© ROYAL ONTARIO MUSEUM/MCMASTER UNIVERSITY
Science Magazine has an article out of the Royal Ontario Museum about a malignant dinosaur bone. The dinosaur, Centrosaurus, lived about 76 million years ago in what is now Dinosaur Park in southern Alberta, Canada. It suffered from osteosarcoma of the fibula, which is a lower leg bone. In humans, osteosarcoma primarily attacks teens and young adults. Previously, other cases of tumors have been found in fossil skeletons, including osteosarcoma in a 240 million year old turtle. As to other diseases, arthritis is commonly found in fossil bones. It seems that nothing escapes the ravages of time...
This deformed bone is the first clear example of a malignant tumor diagnosed in a dinosaur. The partial fibula—a bone from the lower leg—belonged to a horned, plant-eating Centrosaurus that lived roughly 76 million years ago in what is now Dinosaur Park in southern Alberta in Canada.
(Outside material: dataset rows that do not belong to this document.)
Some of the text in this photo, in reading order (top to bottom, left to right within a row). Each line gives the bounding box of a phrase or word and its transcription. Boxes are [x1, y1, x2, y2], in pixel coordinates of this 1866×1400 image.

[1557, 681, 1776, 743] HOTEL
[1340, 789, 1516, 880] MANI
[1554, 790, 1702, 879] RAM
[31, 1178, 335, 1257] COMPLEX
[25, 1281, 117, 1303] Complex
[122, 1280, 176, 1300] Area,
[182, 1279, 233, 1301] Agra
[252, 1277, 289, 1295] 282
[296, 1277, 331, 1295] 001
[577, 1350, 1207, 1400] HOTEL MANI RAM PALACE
Paleontologists initially thought the bone’s strange shape was due to a fracture that hadn’t healed cleanly. But a new study, published today in The Lancet Oncology, compares the internal structure of the fossil (above) with a bone tumor from a human patient to seek a diagnosis. The conclusion: The dinosaur suffered from osteosarcoma, a cancer that, in humans, primarily attacks teens and young adults. The disease causes tumors of immature bone tissue, frequently in the long bones of the leg.
This isn’t the first time cancer has been found in fossil remains. Scientists have identified benign tumors in Tyrannosaurus rex fossils and arthritis in duck-billed hadrosaurs, as well as an osteosarcoma in a 240-million-year-old turtle. But the researchers say their study is the first to confirm a dinosaur cancer diagnosis at the cellular level.